The short answer to your question is that VAF does matter. It is linked to progression and symptom burden; however, there is not a 1:1 correlation. The reality is far more complex than that.

The recent article by Moliterno et al does a nice job summarizing the issue.
https://ashpublications.org/blood/article/141/1...

JAK2V617F allele burden in polycythemia vera: burden of proof

https://ashpublications.org/blood/article/141/16/1934/494354/JAK2V617F-allele-burden-in-polycythemia-vera

Hi Ren,

That is a very important aspect we all want answers for.
I am a bit unwell so I will leave a longer answer for another time, but in short it seems this is a complex matter, based on the mutation you have, whether you have only one mutation or several and also whether your illness is hereditary. As a rule of thumb, if you are young and your VAF is >50%, then there is a possibility you have hereditary MPN, so that should be investigated first. Many cases of MPNs were missed in the past, so one could not be aware this ran in the family.

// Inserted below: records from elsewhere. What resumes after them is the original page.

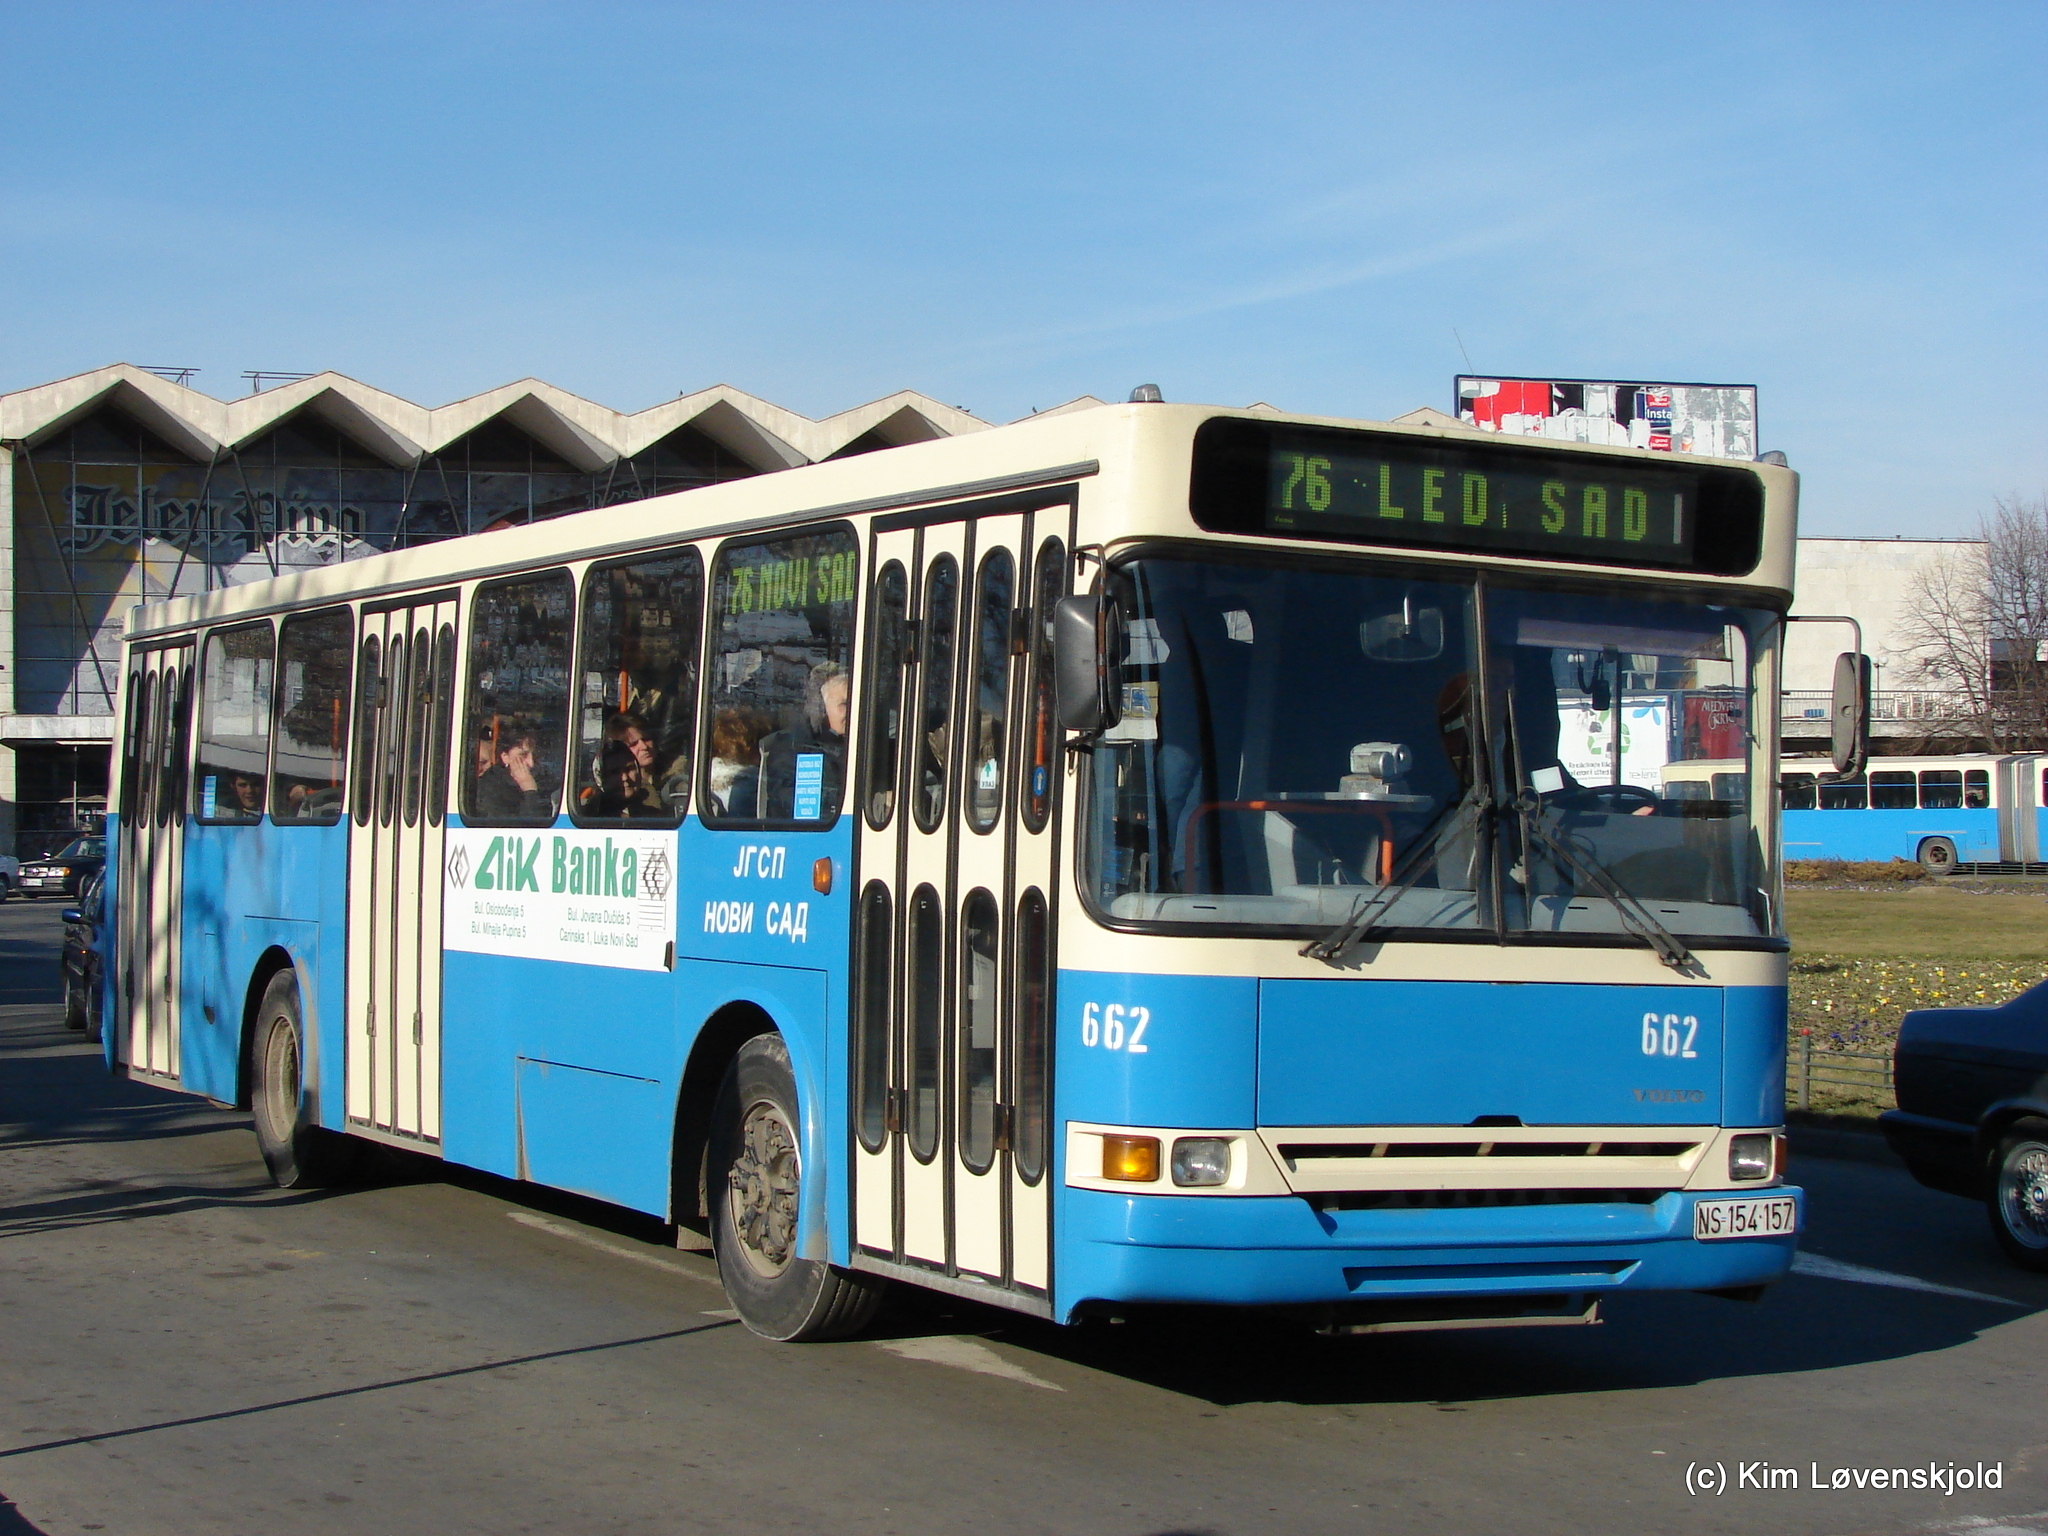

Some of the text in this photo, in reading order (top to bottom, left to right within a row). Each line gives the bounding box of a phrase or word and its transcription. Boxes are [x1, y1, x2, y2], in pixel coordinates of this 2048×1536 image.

[62, 484, 223, 552] Jelen
[1279, 452, 1647, 541] 76 LED SAD
[732, 566, 753, 614] 76
[759, 557, 809, 611] NOVI
[552, 836, 637, 898] Banka
[594, 931, 608, 945] Luka
[610, 933, 624, 947] Novi
[626, 933, 638, 947] Sad
[626, 912, 631, 925] 5
[704, 901, 809, 943] НОВИ САД
[1082, 1001, 1150, 1053] 662
[1641, 1012, 1698, 1058] 662
[1632, 1089, 1705, 1103] VOLVO

The two studies below look at JAK2 mutations and CALR mutations and how VAF can influence prognosis:
https://www.ncbi.nlm.nih.gov/pmc/articles/PMC86...
https://ashpublications.org/blood/article/140/S...

Given the small rather local samples, I would take the results with a pinch of salt. Also, due to small sample size and the fact that some risk factors tend to overlap, some of the risk estimated are, most likely, inflated and sample dependent.

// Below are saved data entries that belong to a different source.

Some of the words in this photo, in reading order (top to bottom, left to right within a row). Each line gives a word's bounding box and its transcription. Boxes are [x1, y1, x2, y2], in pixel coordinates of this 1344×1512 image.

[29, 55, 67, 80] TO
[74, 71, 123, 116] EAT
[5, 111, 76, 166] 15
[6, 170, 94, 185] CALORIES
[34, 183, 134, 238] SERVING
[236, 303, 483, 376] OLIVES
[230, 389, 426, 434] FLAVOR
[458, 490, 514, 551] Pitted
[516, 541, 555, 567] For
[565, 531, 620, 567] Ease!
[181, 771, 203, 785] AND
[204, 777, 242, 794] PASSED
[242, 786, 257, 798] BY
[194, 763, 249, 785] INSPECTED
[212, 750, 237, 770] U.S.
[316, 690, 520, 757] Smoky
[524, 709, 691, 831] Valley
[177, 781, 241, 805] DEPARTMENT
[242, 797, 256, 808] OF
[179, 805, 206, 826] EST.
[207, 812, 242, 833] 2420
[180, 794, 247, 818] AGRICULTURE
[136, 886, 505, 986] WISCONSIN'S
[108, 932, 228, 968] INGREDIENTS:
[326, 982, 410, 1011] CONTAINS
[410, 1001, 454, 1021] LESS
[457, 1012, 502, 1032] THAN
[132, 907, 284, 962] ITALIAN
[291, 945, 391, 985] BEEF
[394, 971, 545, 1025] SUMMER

This is a very individual illness and probably this is adding even more to the uncertainty that MPNs already bring to our lives.

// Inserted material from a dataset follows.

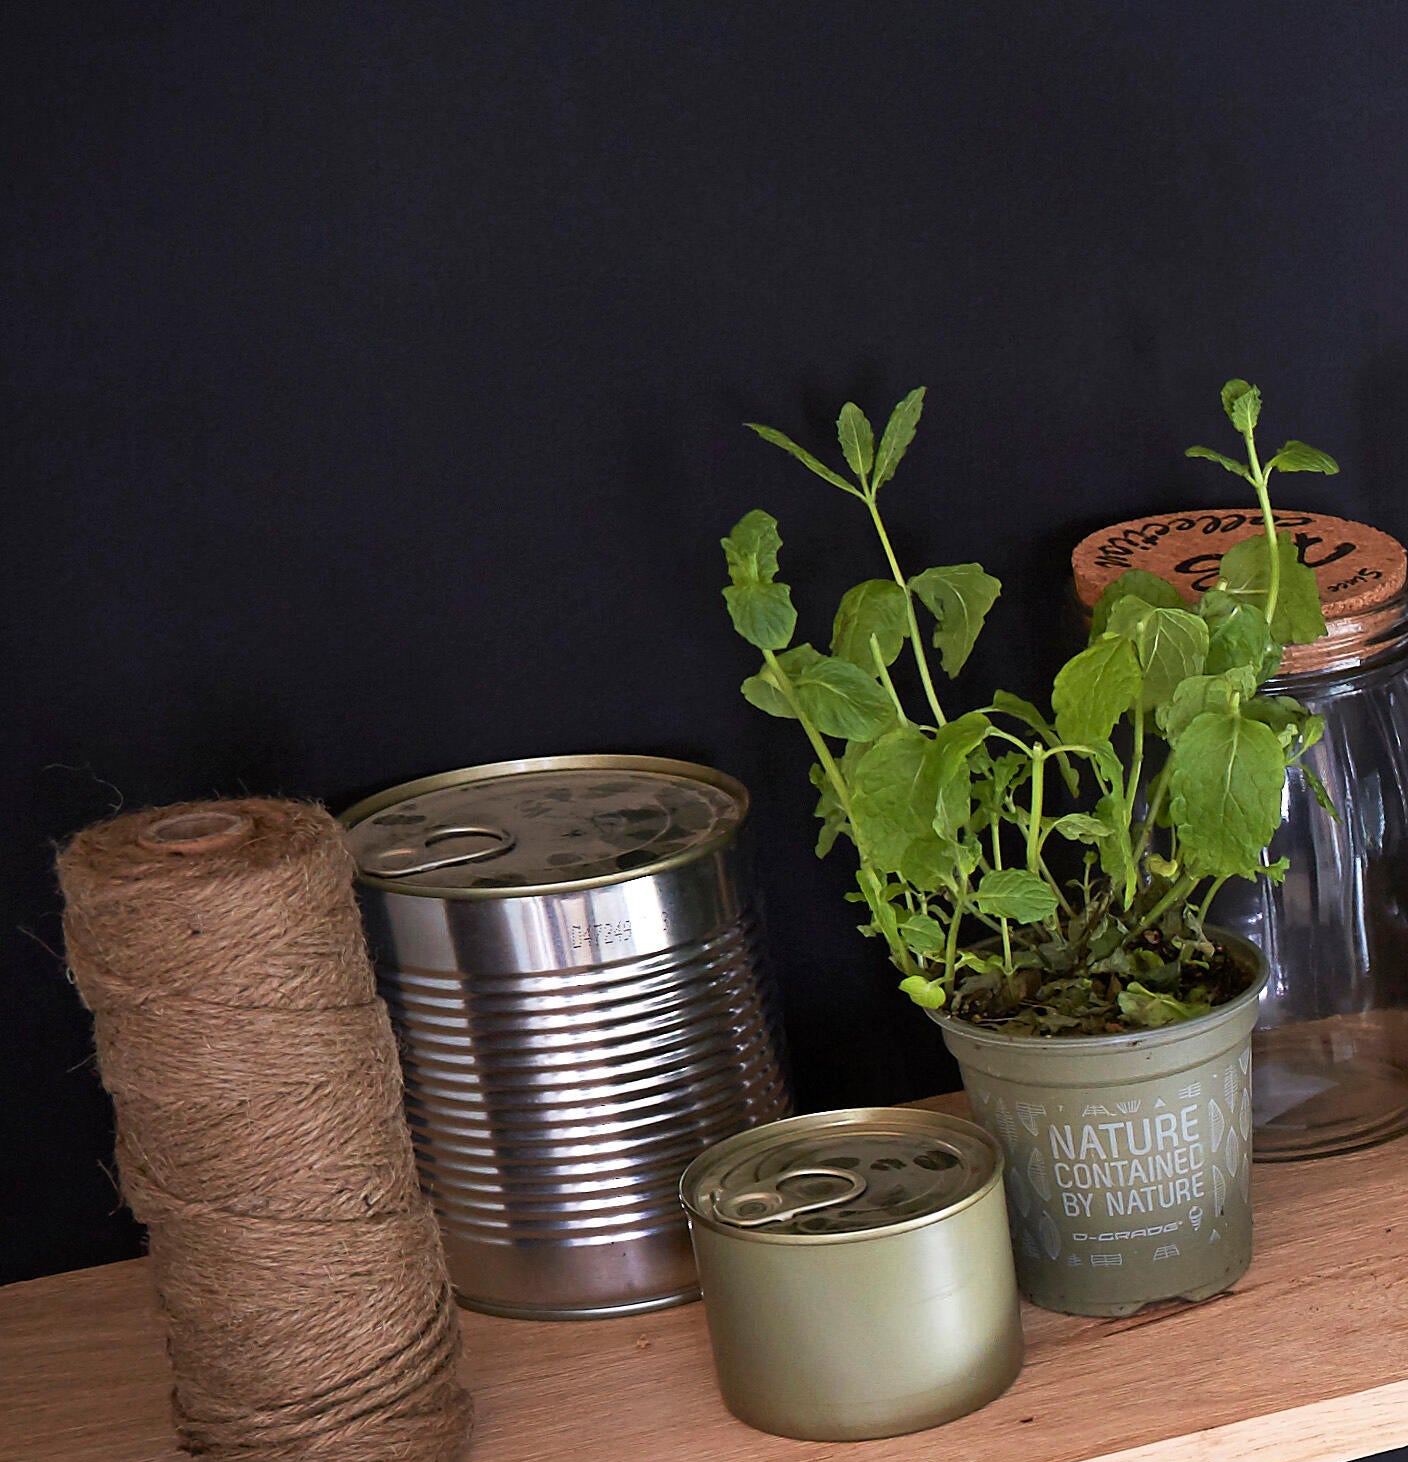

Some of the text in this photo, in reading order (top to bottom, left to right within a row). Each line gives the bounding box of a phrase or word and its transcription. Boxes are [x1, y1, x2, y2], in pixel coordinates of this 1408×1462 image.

The way I handle this is being aware of the fact that doom & gloom studies have so many methodological issues that a crystal ball can be more accurate at times. My way of dealing with uncertainty.

Many hugs of support,
Tatiana

JAK2V617F variant allele frequency >50% identifies patients with polycythemia vera at high risk for venous thrombosis

https://www.ncbi.nlm.nih.gov/pmc/articles/PMC8665926/